Se o prezado leitor responder “a” às perguntas, fica fácil concluir porque vinte e três dos vinte e cinco maiores investidores em entidade psiquiátrica brasileira são fabricantes de remédios antidepressivos, que brigam de foice na disputa pelo prêmio Quem vende mais. Nessas mesmas publicações (o jornal e a revista), a maioria dos artigos é sobre uso de antidepressivos: “Adesão terapêutica ao transtorno bipolar”; “Tratamento de depressão bipolar”; “Tratamento de manutenção bipolar” e vai daí para frente. E o que preocupa é que não se diz uma só palavra sobre conflito de interesse.

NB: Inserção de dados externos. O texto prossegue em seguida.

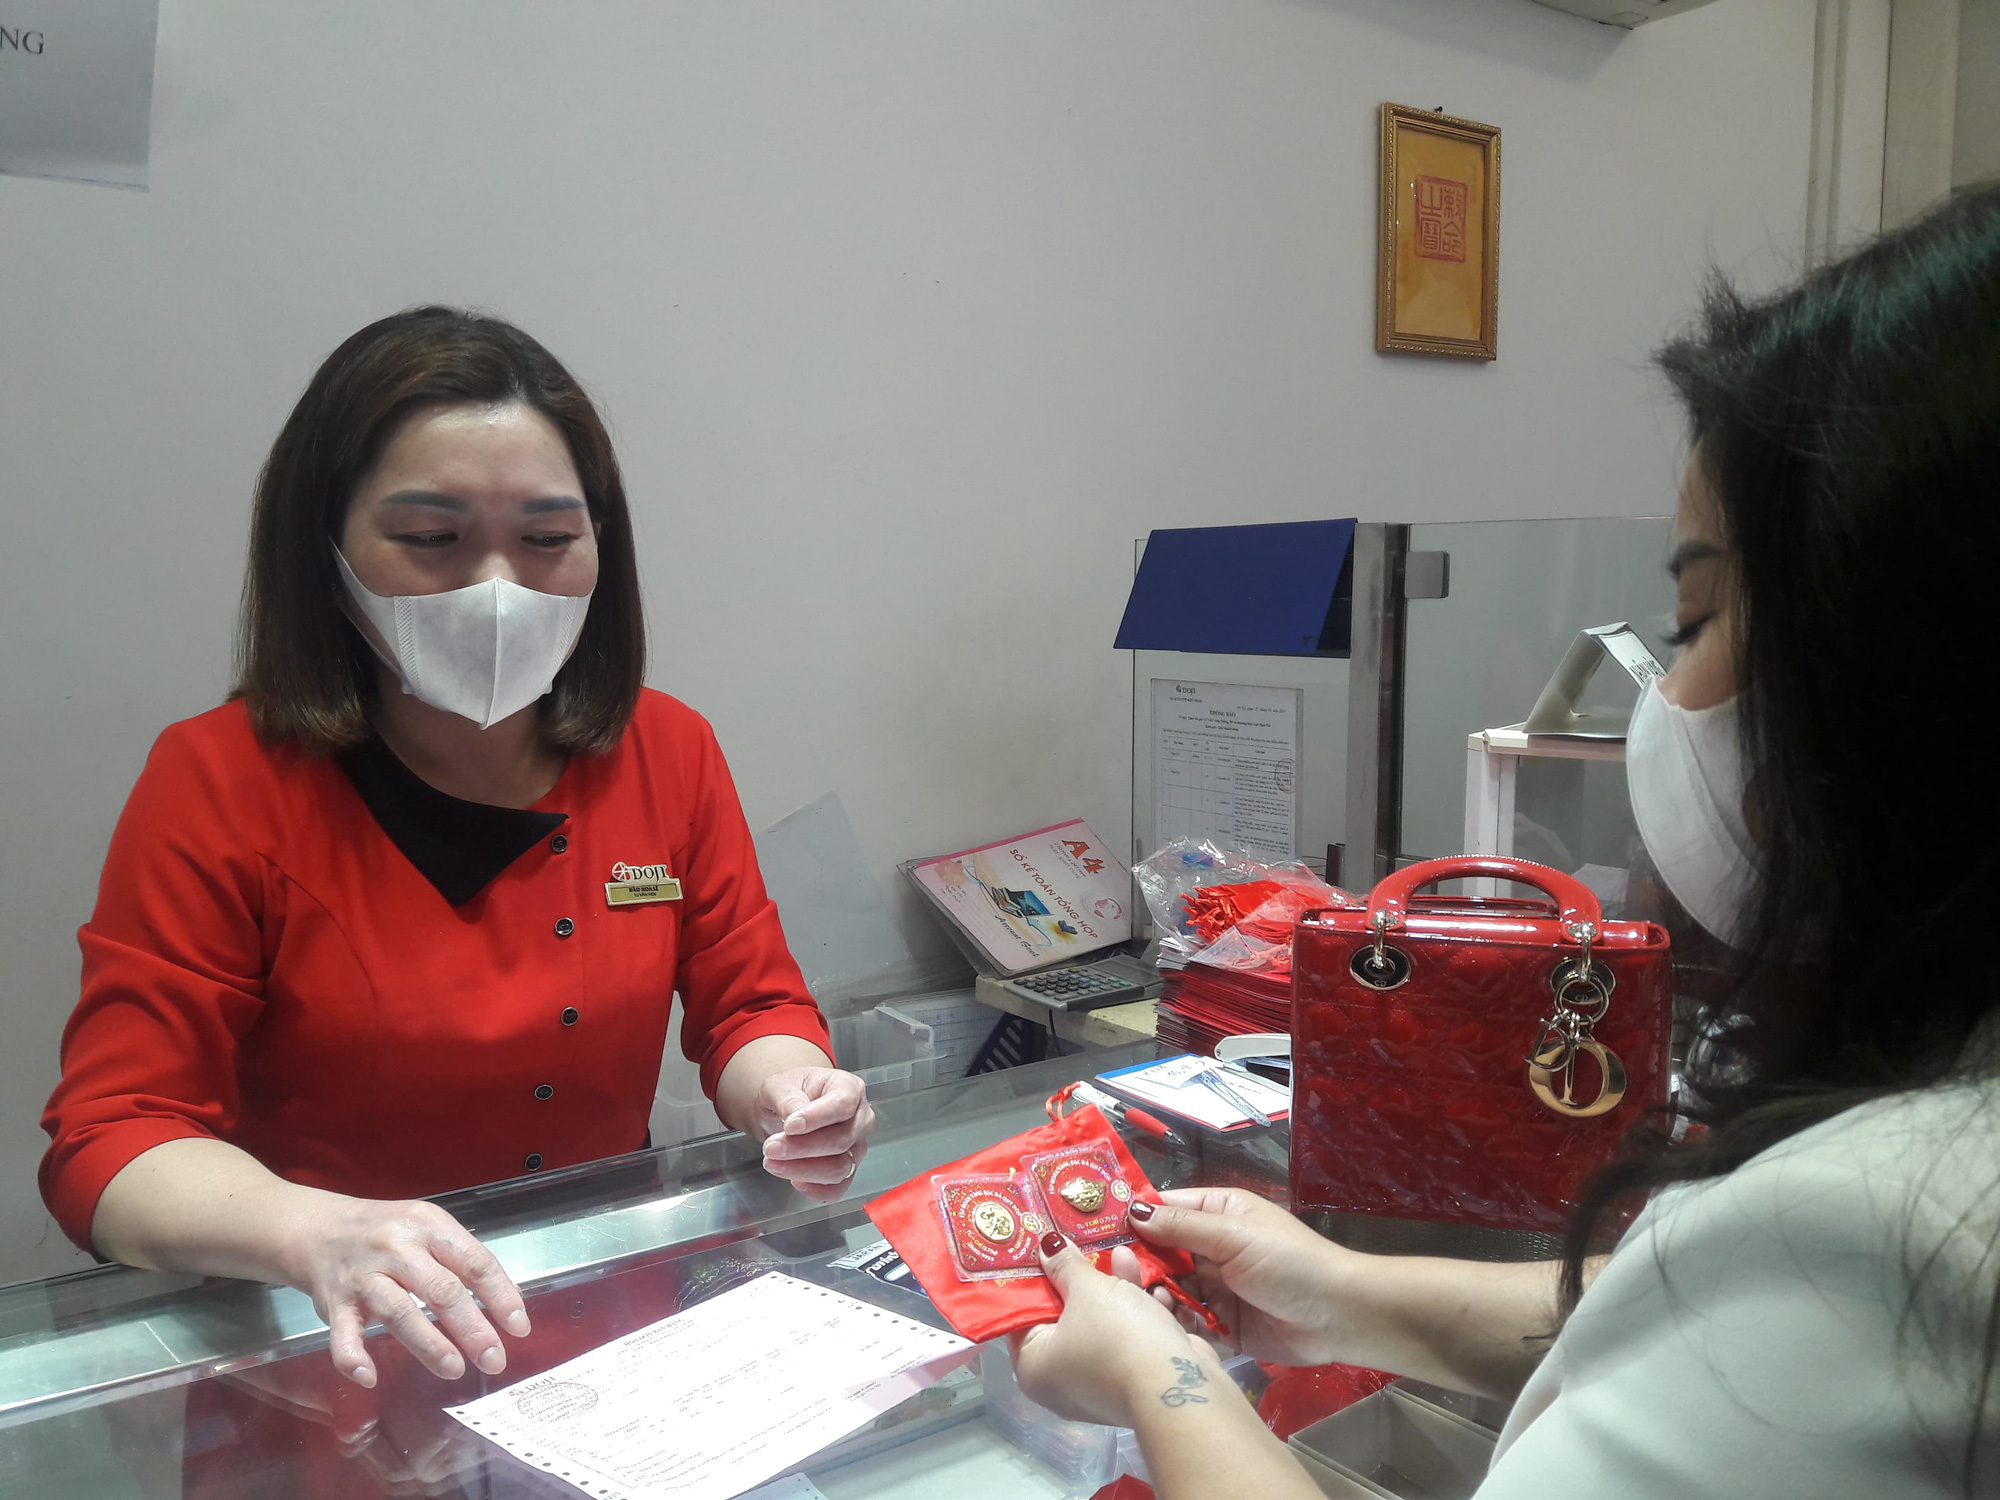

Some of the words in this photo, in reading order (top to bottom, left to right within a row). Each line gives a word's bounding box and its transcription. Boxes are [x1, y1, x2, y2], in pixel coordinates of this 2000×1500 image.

[632, 865, 668, 882] DOJI
[1062, 840, 1105, 875] A4
[1010, 849, 1028, 862] SỔ
[1021, 862, 1038, 873] KẾ
[1032, 873, 1057, 896] TOÁN
[1054, 896, 1080, 920] TỔNG
[1077, 920, 1099, 939] HỢP
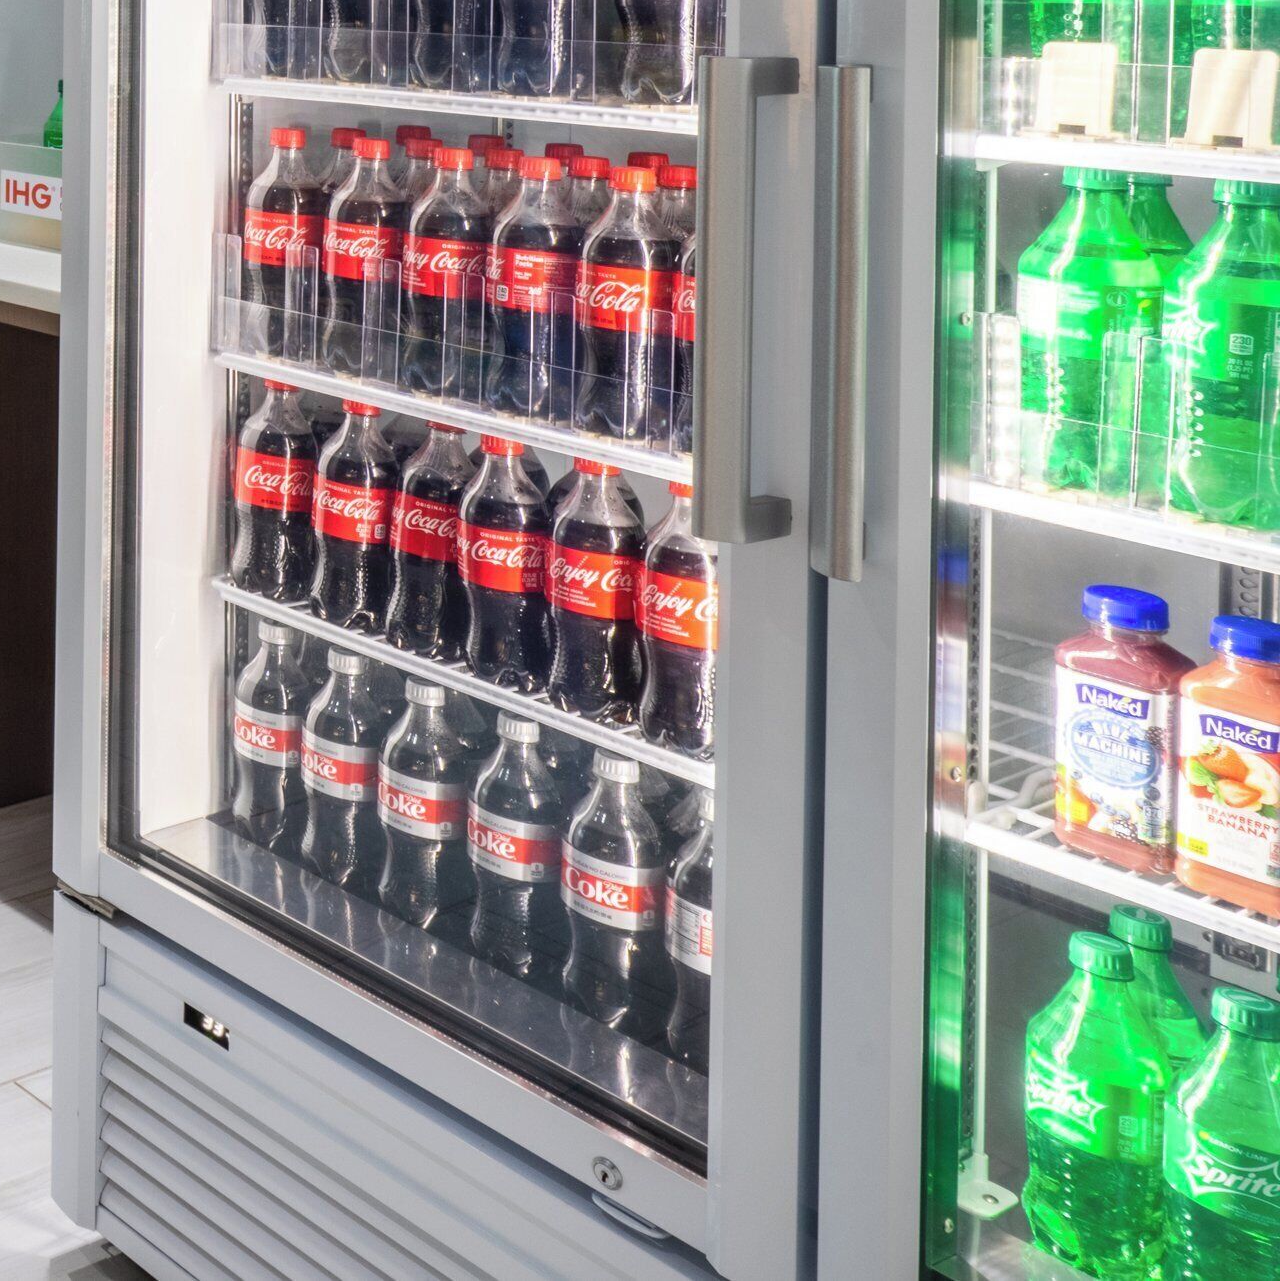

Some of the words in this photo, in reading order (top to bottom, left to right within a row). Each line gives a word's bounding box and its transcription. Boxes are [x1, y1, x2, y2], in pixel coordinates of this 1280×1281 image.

[5, 178, 52, 209] IHG
[1231, 336, 1251, 346] 230
[318, 490, 384, 521] Coca-Cola
[415, 501, 447, 512] ORIGINAL
[480, 532, 513, 543] ORIGINAL
[471, 539, 547, 568] Coca-Cola
[549, 557, 600, 589] Enjoy
[641, 584, 693, 616] Enjoy
[234, 716, 276, 750] Coke
[1094, 721, 1130, 741] BLUE
[1073, 730, 1151, 766] MACHINE
[378, 781, 427, 820] Coke
[1197, 803, 1280, 834] STRAWBERRY
[1207, 814, 1268, 840] BANANA
[467, 818, 517, 860] Coke
[493, 831, 512, 843] Diet
[565, 867, 630, 910] Coke
[603, 881, 624, 893] Diet
[1208, 1136, 1270, 1163] LEMON-LIME
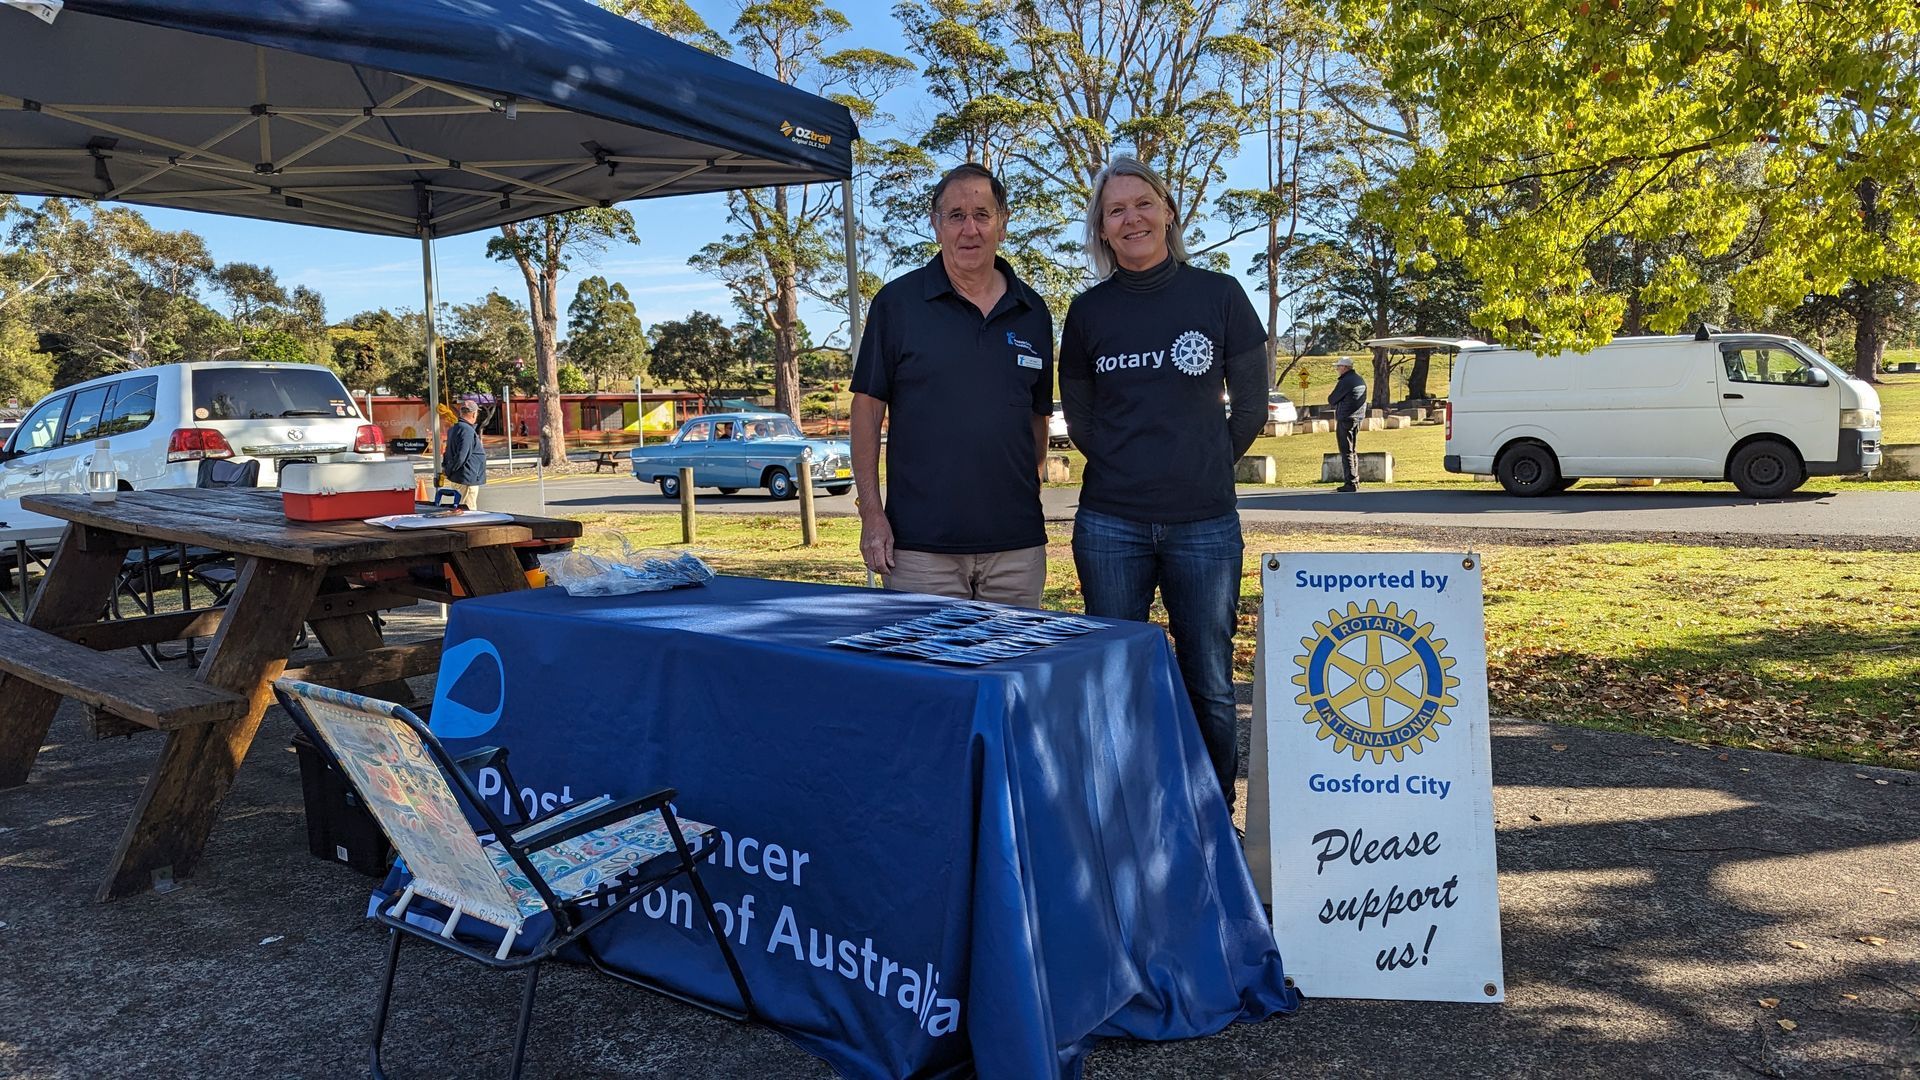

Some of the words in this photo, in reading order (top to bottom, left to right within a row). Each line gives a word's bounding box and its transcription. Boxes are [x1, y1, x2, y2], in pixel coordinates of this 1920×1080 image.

[1096, 350, 1165, 374] Rotary
[1295, 569, 1415, 592] Supported
[1421, 569, 1448, 593] by
[1340, 617, 1409, 637] ROTARY
[1320, 706, 1436, 747] INTERNATIONAL
[1309, 773, 1399, 794] Gosford
[1406, 775, 1451, 800] City
[1311, 828, 1441, 875] Please
[1318, 874, 1459, 932] support
[707, 894, 755, 945] of
[767, 904, 960, 1038] Australia
[1375, 924, 1438, 972] us!
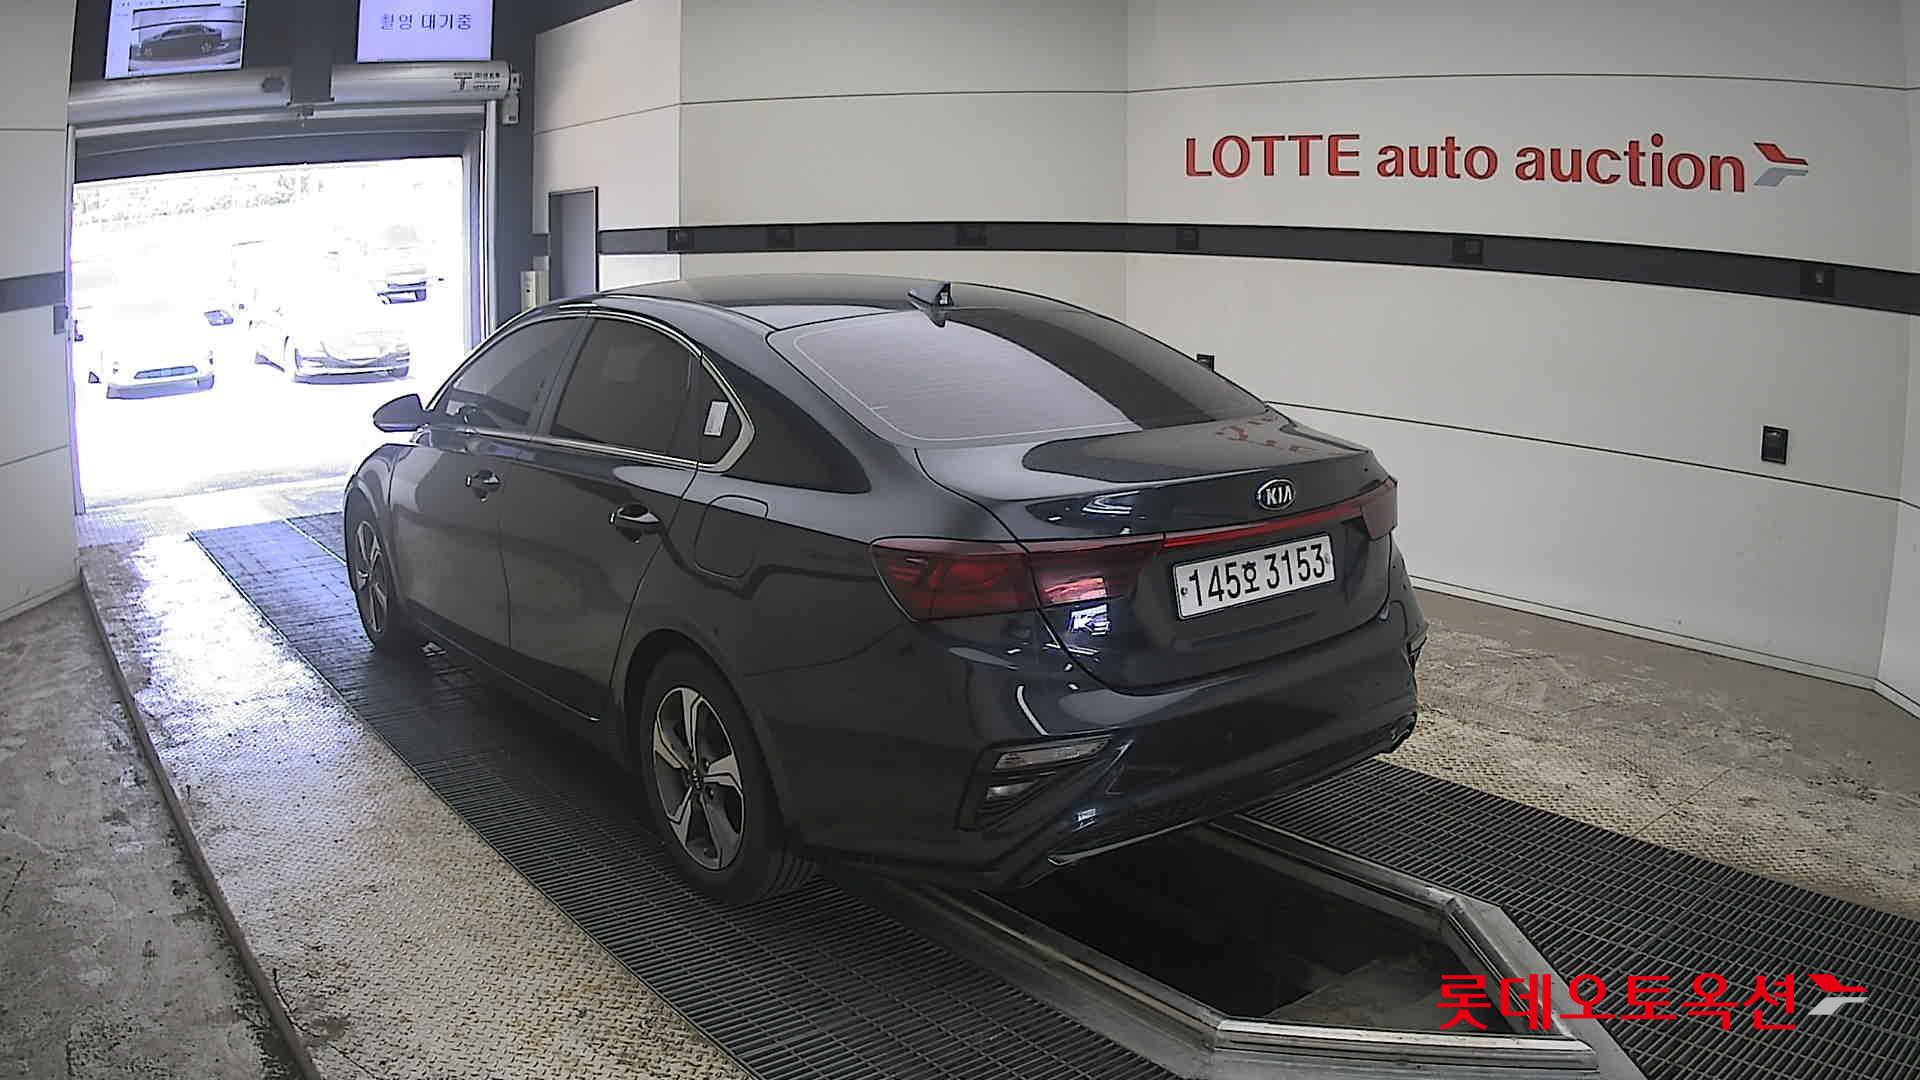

Porém, nessa terra arrasada pelos antidepressivos administrados sob a justificativa de “espectro bipolar”, fruto pago pelos fabricantes de remédios, nasce uma semente de esperança. O Conselho Federal de Medicina, atento ao problema entre indústrias farmacêuticas e médicos, divulgou, em 14 de fevereiro passado, acordo firmado com as indústrias farmacêuticas, a fim de que se diminuam os brindes, as viagens e os jantares distribuídos a médicos.
Doravante, haverá certas regras a inibir as benesses de todo o gênero que os interesses maiores dos fabricantes de remédio, de modo especial antidepressivos, usam para fagocitar o pobre médico, hoje já bastante rendido aos “fazem-me rir de última geração”.
É preciso ser justo e reconhecer que as indústrias farmacêuticas cumprem o que devem fazer e o fazem bem: propaganda e venda. Esse é o seu escopo. Porém, o do médico é bem diverso: o interesse está no paciente e em mais nada. Não podem os jantares à tripa forra, as passagens aéreas e os hotéis com estrelas ditar o quadro clínico e a prescrição. Aí está o problema, pois o médico, submetido à propaganda maciça sobre o conceito de uma doença e seu remédio, quando diante de paciente que tem
possibilidades de se encaixar nesse contexto, poderá ser traído pela ideia-afetiva da propaganda, que costuma invadir o pensamento das pessoas, até das mais equilibradas, e alterar o raciocínio associativo e a lógica que dirige e determina o curso do seu trabalho técnico.
É o problema da propaganda. Válida mas nociva, no caso da decadente psiquiatria atual.